Now, if you want to retrieve a user and all their orders, it’s a single, fast read:

db.users.findOne({ "_id": ObjectId("60c72b2f9b1e8a0f3c8b4567") })

This is the one-to-many embedding pattern. It’s ideal when the "many" side of the relationship is accessed with the "one" side, and the "many" data doesn’t grow to an unmanageable size within a single document.

What if an order can have hundreds of thousands of items? Embedding all of them in the user document would lead to massive documents, exceeding the 16MB BSON limit, and slow reads. In this case, you’d reference the items, similar to the relational model, but perhaps by embedding the order itself and referencing the items:

// User document
{
  "_id": ObjectId("60c72b2f9b1e8a0f3c8b4567"),
  "username": "alice",
  "email": "alice@example.com"
}

// Order document (references items)
{
  "_id": ObjectId("60c72b2f9b1e8a0f3c8b4568"),
  "user_id": ObjectId("60c72b2f9b1e8a0f3c8b4567"),
  "order_date": ISODate("2023-10-27T10:00:00Z"),
  "item_ids": [
    ObjectId("item_a"),
    ObjectId("item_b"),
    // ... potentially hundreds of thousands more
  ],
  "total": 45.48
}

// Item document
{
  "_id": ObjectId("item_a"),
  "product_name": "Widget",
  "price": 19.99
}

This is the one-to-few embedding (for the user-order relationship) and one-to-many referencing (for order-item relationship). The key is understanding your access patterns.
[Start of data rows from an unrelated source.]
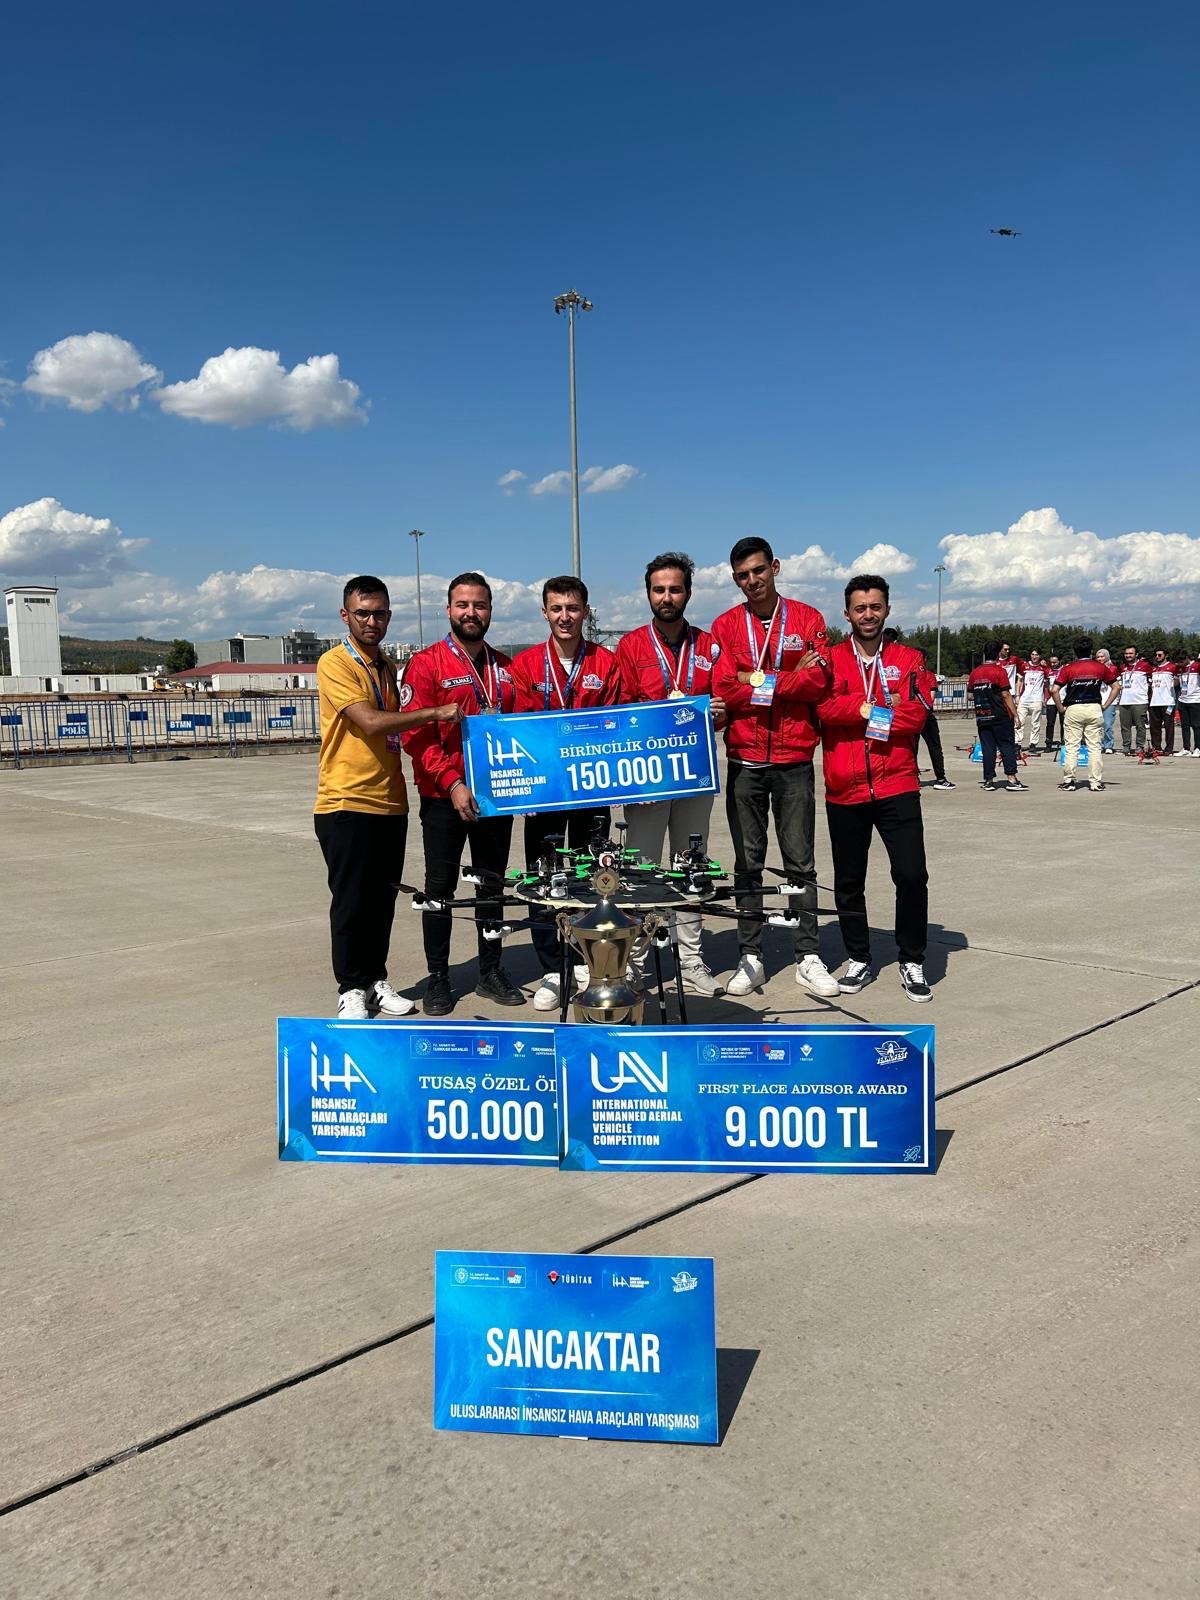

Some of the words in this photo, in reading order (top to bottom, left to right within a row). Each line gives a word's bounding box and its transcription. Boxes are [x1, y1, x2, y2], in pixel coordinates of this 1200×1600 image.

[169, 720, 192, 729] BTMN
[271, 719, 291, 728] BTMN
[62, 726, 87, 735] POLİS
[559, 741, 643, 759] BİRİNCİLİK
[645, 734, 699, 750] ÖDÜLÜ
[490, 768, 524, 779] İNSANSIZ
[566, 756, 663, 792] 150.000
[667, 753, 697, 783] TL
[491, 779, 511, 789] HAVA
[511, 776, 547, 788] ARAÇLARI
[491, 786, 532, 798] YARIŞMASI
[419, 1076, 477, 1093] TUSAŞ
[482, 1074, 530, 1091] ÖZEL
[698, 1084, 738, 1095] FIRST
[742, 1084, 788, 1095] PLACE
[791, 1084, 853, 1096] ADVISOR
[857, 1084, 908, 1096] AWARD
[311, 1096, 357, 1110] İNSANSIZ
[592, 1099, 669, 1110] INTERNATIONAL
[311, 1112, 338, 1123] HAVA
[339, 1113, 388, 1126] ARAÇLARI
[427, 1099, 544, 1142] 50.000
[592, 1111, 648, 1122] UNMANNED
[649, 1110, 683, 1122] AERIAL
[592, 1123, 633, 1134] VEHICLE
[725, 1105, 827, 1148] 9.000
[837, 1107, 878, 1148] TL
[593, 1134, 660, 1146] COMPETITION
[561, 1274, 592, 1284] TÜBİTAK
[486, 1327, 660, 1373] SANCAKTAR
[450, 1404, 520, 1421] ULUSLARARASI
[522, 1405, 566, 1423] İNSANSIZ
[568, 1409, 594, 1424] HAVA
[596, 1411, 643, 1428] ARAÇLARI
[646, 1414, 699, 1431] YARIŞMASI
The many-to-many relationship is often handled with two-way referencing. For example, if users can "like" products, and you want to see which users liked a product and which products a user liked:

// User document
{
  "_id": ObjectId("60c72b2f9b1e8a0f3c8b4567"),
  "username": "alice",
  "email": "alice@example.com",
  "liked_product_ids": [
    ObjectId("prod123"),
    ObjectId("prod789")
  ]
}

// Product document
{
  "_id": ObjectId("prod123"),
  "name": "Super Widget",
  "price": 19.99,
  "liked_by_user_ids": [
    ObjectId("60c72b2f9b1e8a0f3c8b4567"),
    ObjectId("60c72b2f9b1e8a0f3c8b4568")
  ]
}

This duplicates information (the relationship is stored in both documents), but it makes queries like "show me all users who liked product X" or "show me all products liked by user Y" extremely fast, as they only require a single collection lookup.
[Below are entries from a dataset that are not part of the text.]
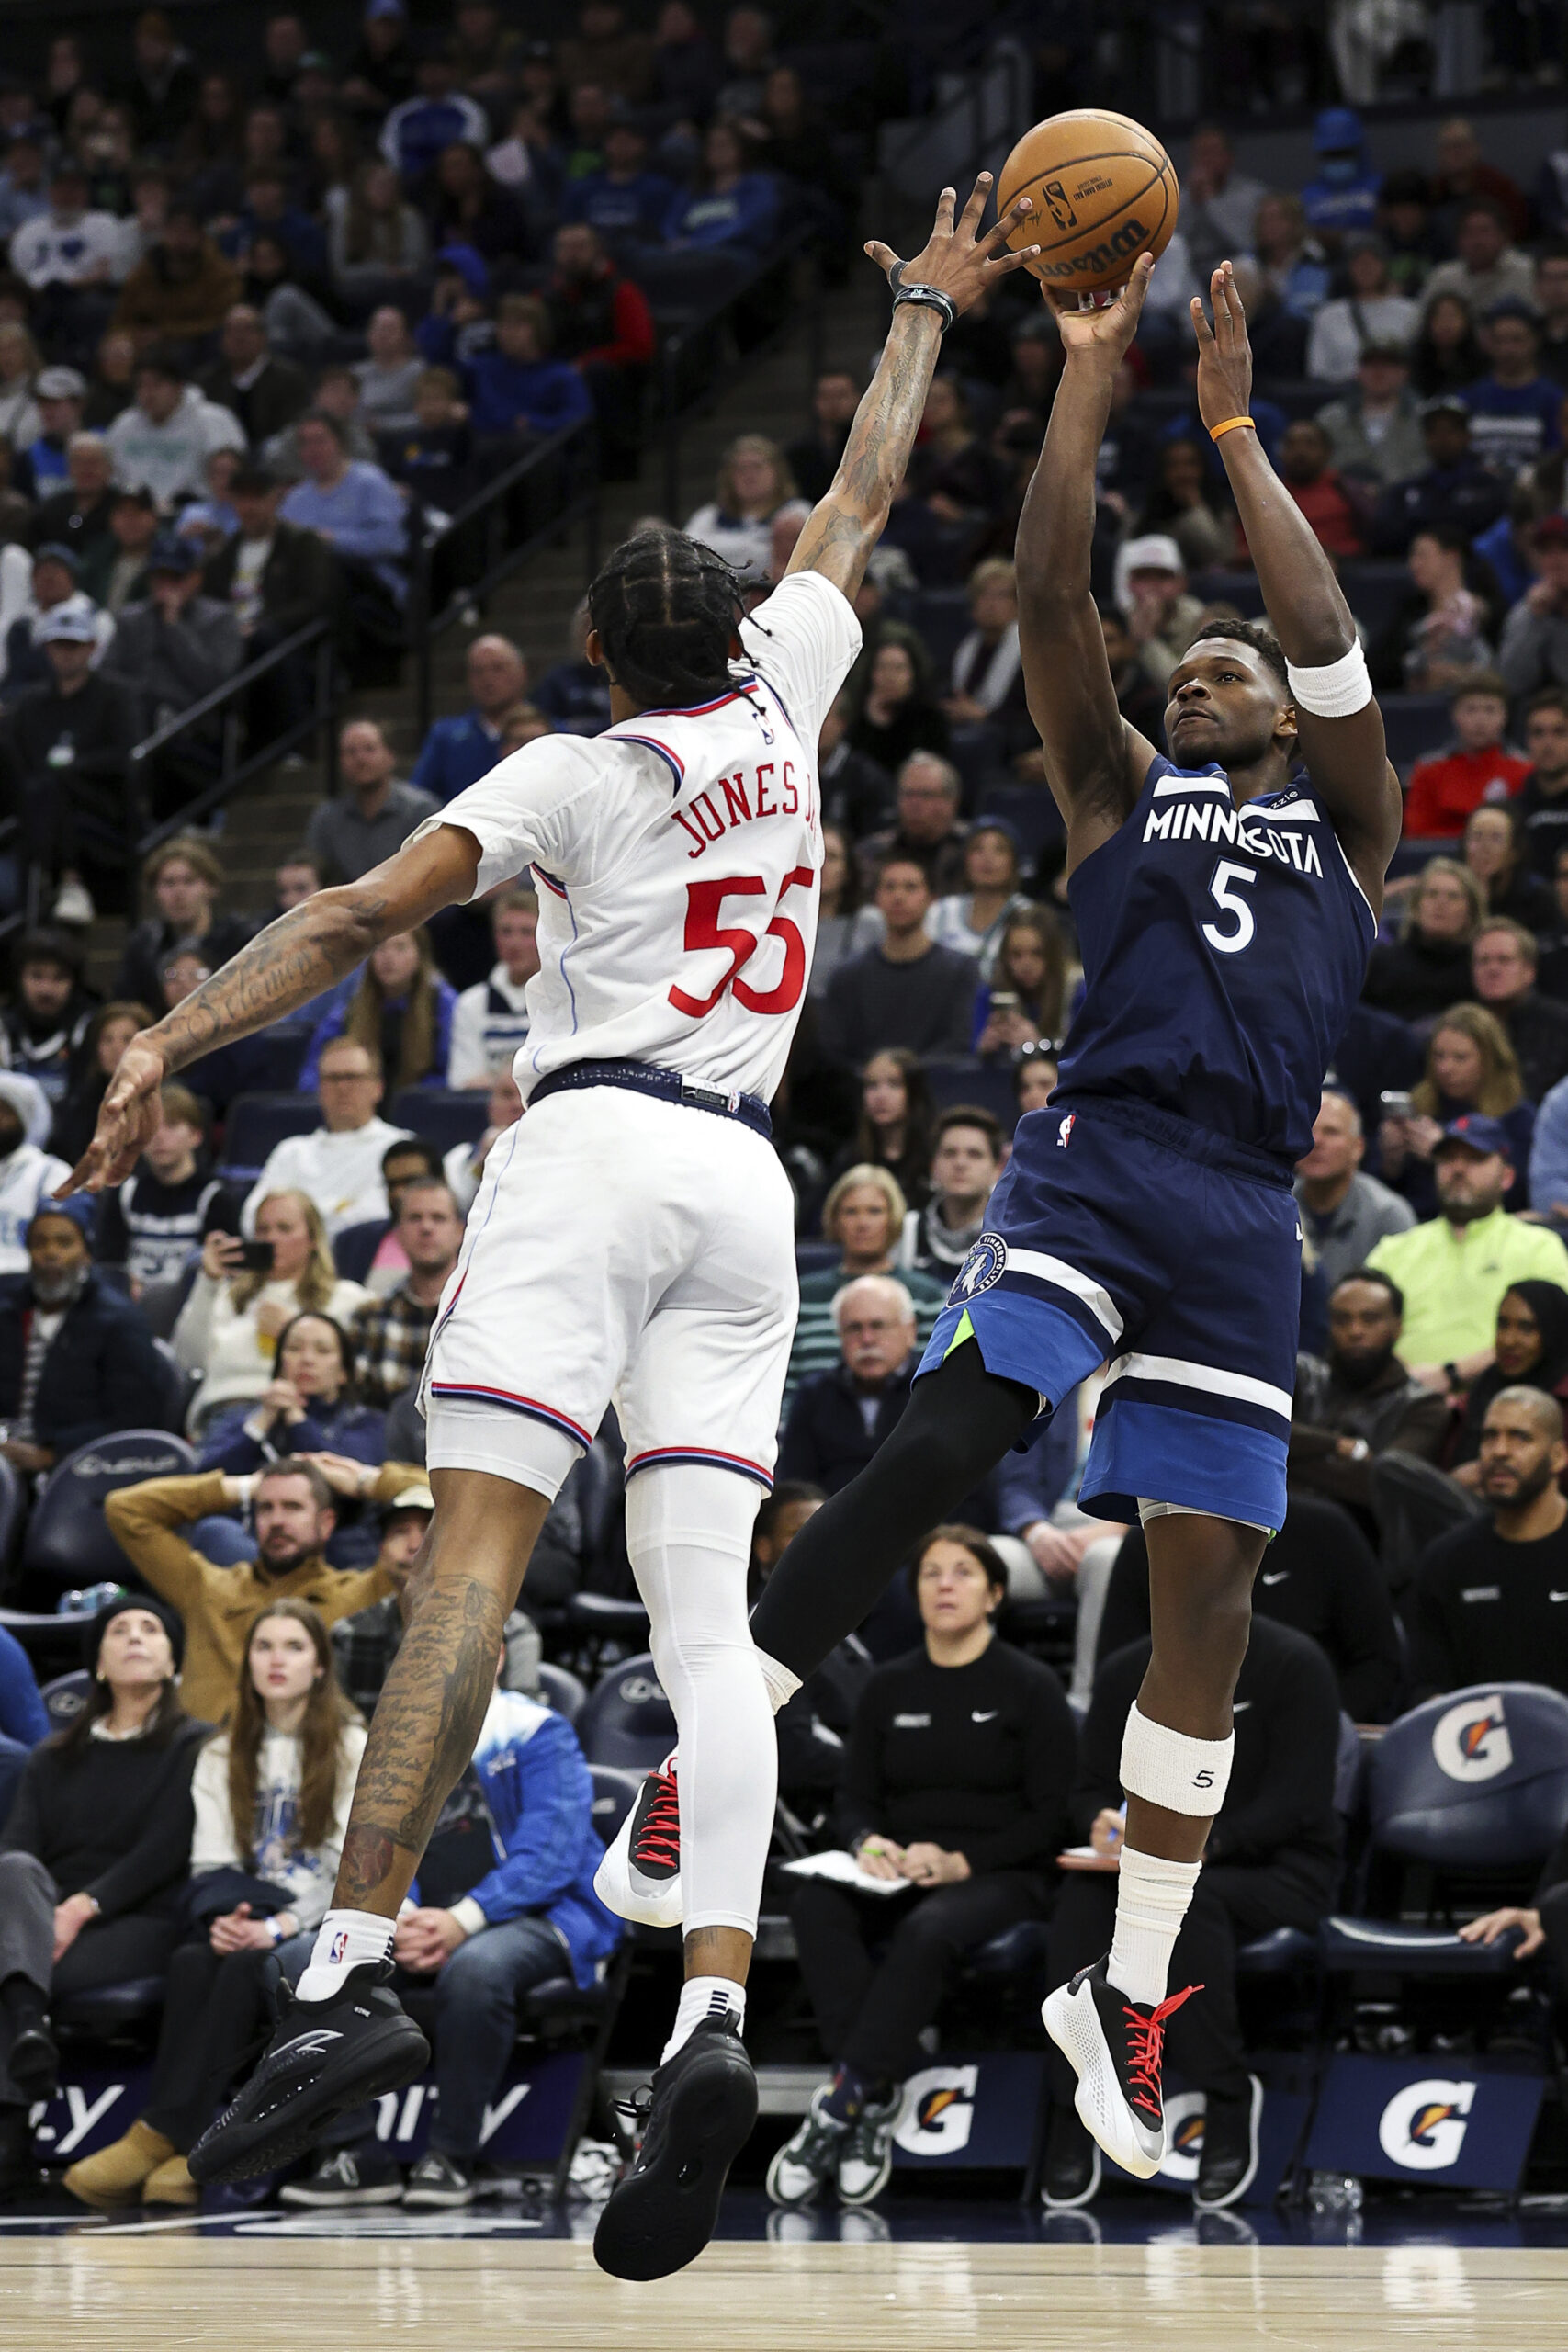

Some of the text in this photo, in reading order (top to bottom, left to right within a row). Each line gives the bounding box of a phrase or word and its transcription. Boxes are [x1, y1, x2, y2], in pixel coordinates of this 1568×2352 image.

[1034, 219, 1150, 279] Wilson
[671, 761, 798, 859] JONES
[667, 866, 815, 1018] 55
[1201, 859, 1258, 954] 5
[1191, 1770, 1214, 1788] 5
[1432, 1694, 1513, 1782] G
[893, 2064, 978, 2156] G
[1380, 2078, 1475, 2170] G
When you have data that’s frequently updated by many users simultaneously, like a leaderboard or a real-time counter, embedding can lead to write contention. In such cases, denormalization with atomic operations becomes crucial. For example, to increment a user’s score:

db.leaderboards.updateOne(
  { "user_id": ObjectId("60c72b2f9b1e8a0f3c8b4567") },
  { "$inc": { "score": 1 } }
)

This allows multiple clients to update a score without reading the entire document, modifying it, and writing it back, which would be prone to race conditions.

The most counterintuitive aspect of MongoDB document design is the concept of limited embedding. While you can embed arrays, you should generally limit the size of those arrays. If an array grows too large, it can break the 16MB document size limit and degrade read performance. For instance, embedding an unbounded list of blog comments directly into a blog post document is usually a bad idea; you’d typically embed only the first few comments and reference the rest in a separate comments collection.

The next step is understanding how to efficiently query these embedded and referenced documents, which leads into indexing strategies.